Conservatives ought to have a clear answer to that question.  Congressman Morris Brooks from Alabama did not and found himself on the receiving end of liberal ridicule.

By suggesting that those who take better care of themselves should pay lower health insurance premiums, Brooks implied that health insurance is indeed a type of insurance arrangement.  After all, the risk adjustment of premiums is a practice proper to all other kinds of insurance services: A prudent driver pays less for auto insurance than one with a pre-existing driving record.  A home owner pays more for home insurance if the property is on muddy terrain rather than on sturdy ground.  A smoker pays more for life insurance than a non-smoker, as does anyone whose risk of dying prematurely is high, even if that predisposition is inherited genetically.

Brooks’ conception of health insurance, however, intuitive as it may be, is wrong.  Health insurance is not insurance even if, on the surface, health insurance policies meet the dictionary definition of insurance as contractual arrangements “in which one party agrees to indemnify or reimburse another for loss that occurs under the terms of the contract.”
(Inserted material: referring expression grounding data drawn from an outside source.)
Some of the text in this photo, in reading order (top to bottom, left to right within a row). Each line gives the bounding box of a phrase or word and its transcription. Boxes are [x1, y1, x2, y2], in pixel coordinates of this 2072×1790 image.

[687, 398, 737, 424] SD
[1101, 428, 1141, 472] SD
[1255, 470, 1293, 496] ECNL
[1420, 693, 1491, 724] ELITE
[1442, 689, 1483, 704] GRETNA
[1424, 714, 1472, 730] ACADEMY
Health insurance cannot really be insurance because human health is un-insurablehuman beings are not machines or buildings whose function or condition can be ascertained objectively.  Yet, an objective assessment of damages and costs is essential for any contractual arrangement to function in a sustainable manner.

Consider, for example, that medical care is based on the legal principle of “medical necessity.”  Medical necessity is invoked when, presumably, there is an impairment in the patient’s health that could be remedied by a medical intervention.  But medical necessity is a perniciously elastic concept that cannot possibly satisfy the precise contractual requirements of insurance.
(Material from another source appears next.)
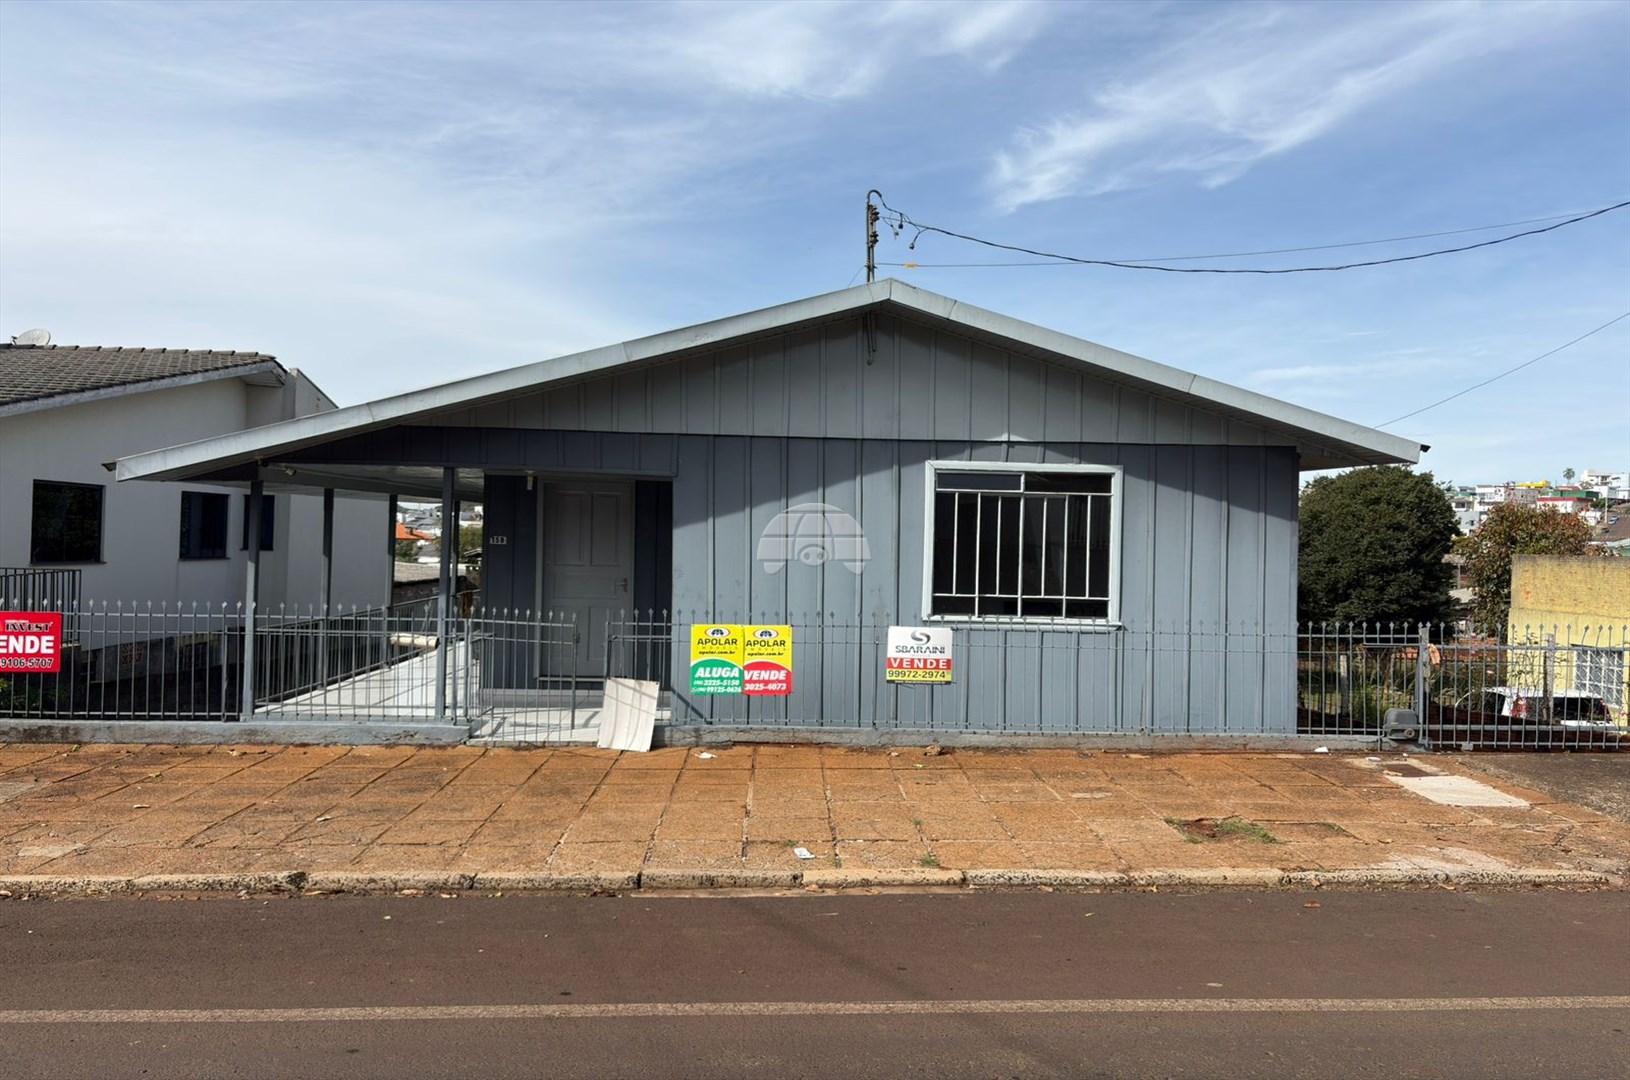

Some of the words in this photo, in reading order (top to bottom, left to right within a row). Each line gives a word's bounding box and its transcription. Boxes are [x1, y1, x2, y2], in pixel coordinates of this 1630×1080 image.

Take Joe, an overweight truck driver, who suffers from back pain and whose MRI shows a slipped disk at the location corresponding to his symptoms.  He and his doctor wish to proceed with surgery.  Is surgery medically necessary?

To answer that question, the insurer would need to know several other things: to what degree is Joe incapacitated by his back pain?  Did he give physical therapy a fair try?  Could he improve his condition by losing weight?  If so, how willing is he to try to lose weight?  In other words, did he do his very best to avoid expensive medical care? And, similarly, for the doctor: Did he carefully advise Joe on all his options?  Is his advice disinterested?  How confident is he that the surgery will help? Etc.
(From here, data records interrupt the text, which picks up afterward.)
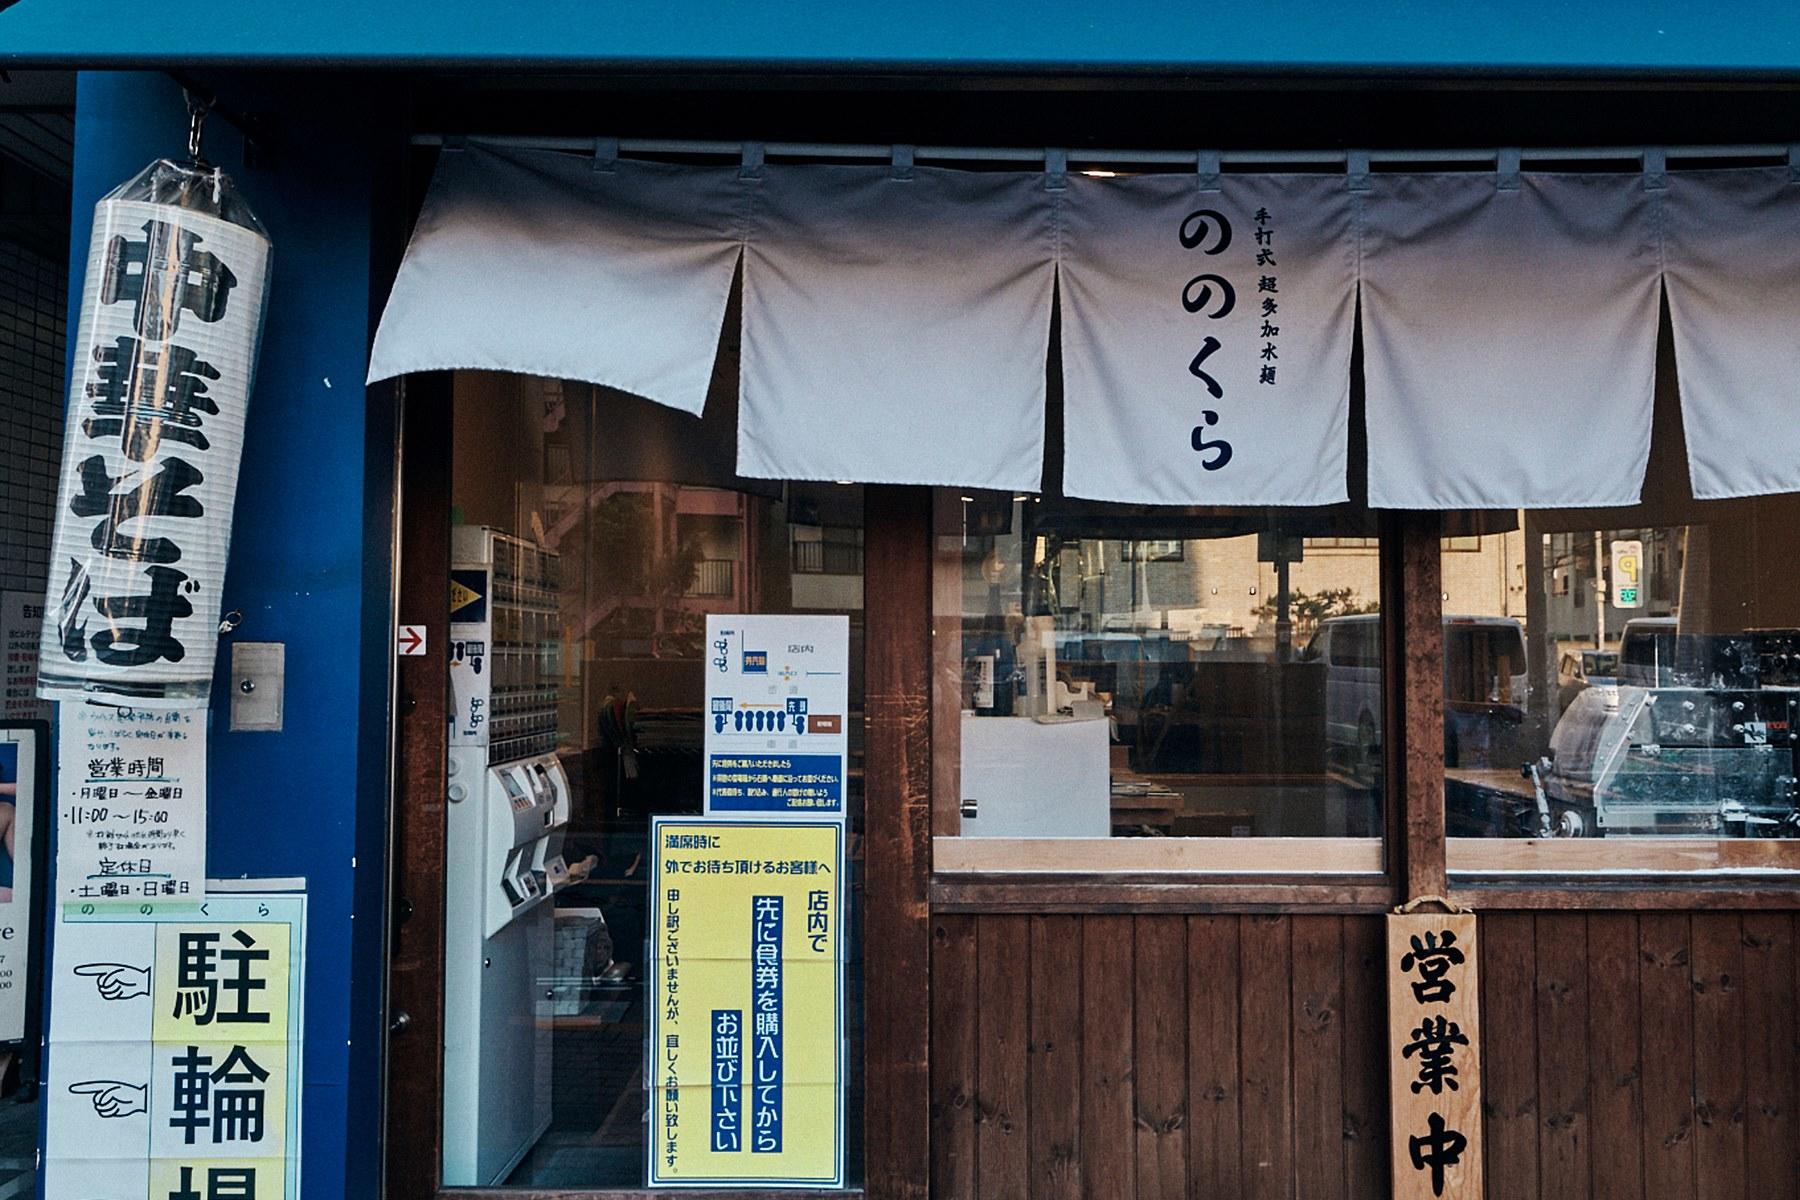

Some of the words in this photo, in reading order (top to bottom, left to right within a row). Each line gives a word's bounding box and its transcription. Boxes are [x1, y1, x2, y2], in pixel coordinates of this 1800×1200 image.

[1254, 207, 1277, 267] 手打式
[1179, 209, 1237, 472] ののくら
[1258, 275, 1280, 386] 超多加水麺
[59, 220, 237, 665] 中華そば
[88, 757, 165, 779] 営業時間
[99, 857, 152, 876] 定休日
[665, 834, 721, 850] 満席時に
[665, 859, 832, 875] 外でお待ち頂けるお客様へ
[807, 889, 829, 953] 店内で
[756, 897, 779, 1151] 先に食券を購入してから
[1400, 930, 1470, 1198] 営業中
[716, 1012, 739, 1150] お並び下さい
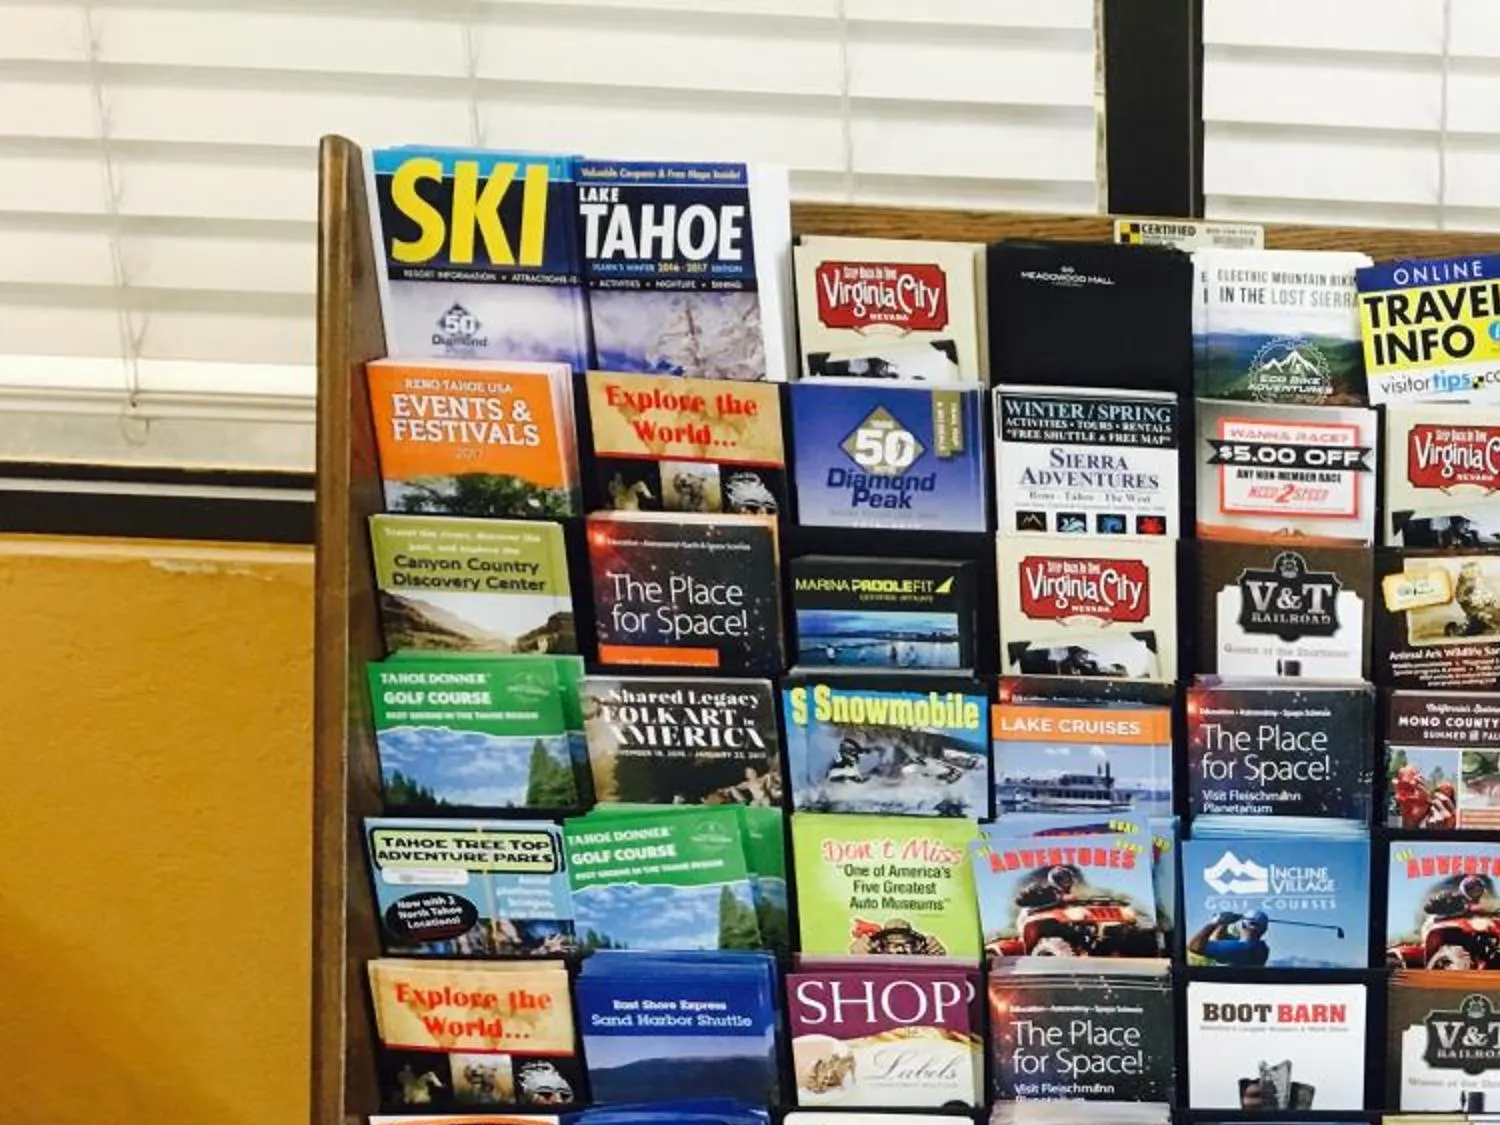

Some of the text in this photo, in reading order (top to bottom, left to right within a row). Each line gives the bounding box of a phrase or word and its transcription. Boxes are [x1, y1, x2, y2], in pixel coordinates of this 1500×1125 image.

These are all legitimate questions, the answers to which are completely inaccessible to the insurer, for they reside in Joe’s mind and his doctor’s—and possibly below their level of consciousness.

No amount of utilization review can overcome this insurmountable “information asymmetry,” yet medical care is replete with situations that are just like Joe’s:  doctors and patients who wish to pursue a plan of care, without objective evidence to show—one way or another—that the care is necessary, let alone effective.

This consideration is not meant to cast doubt on the integrity of doctors and patients, but to point out that medicine is an occupation that frequently deals with intangibles.  And even for conditions which, on the surface, seem objectively determinable, like heart attacks or cancer, the tentative way in which medical care necessarily proceeds is antagonistic to the aims of insurance.

Take Laura, who has sudden severe chest pain in the middle of the night.  Concerned, she calls an ambulance and is taken to an emergency department staffed by competent and cost-conscious doctors.  For a variety of reasons (the character of the pain, the fact that Laura has a family history of heart disease, the equivocal finding on the electrocardiogram, etc.), expensive tests and scans must be performed before the doctors can reassure themselves—and Laura—that she is fine, and that her chest pain was simply a bad case of acid reflux, or perhaps a panic attack.

Should the insurance cover the expensive work-up for this false alarm?  A “no” answer seems absurd: people cannot be penalized for misjudging the severity of their condition.  If the answer is “yes,” on the other hand, the program is no longer insuring against objective health impairments, but against any concern that can cross someone’s mind—be he a stoic or a hypochondriac.

In short, it’s in the nature of medical care to conspire against insurance plans that, by nature, must necessarily deal with objectively verifiable claims to remain viable.

So, health insurance is definitely not insurance in the proper sense of the term.  Instead, health insurance is—and always was—an income subsidy, ostensibly designed to help the sick pay for medical care.

Such an understanding of the essence of health insurance should not be controversial if we consider government health insurance programs. After all, the first health insurance program was plainly designed by Bismarck as an income subsidy, if only to gain for the Prussian state the loyalty of the working class.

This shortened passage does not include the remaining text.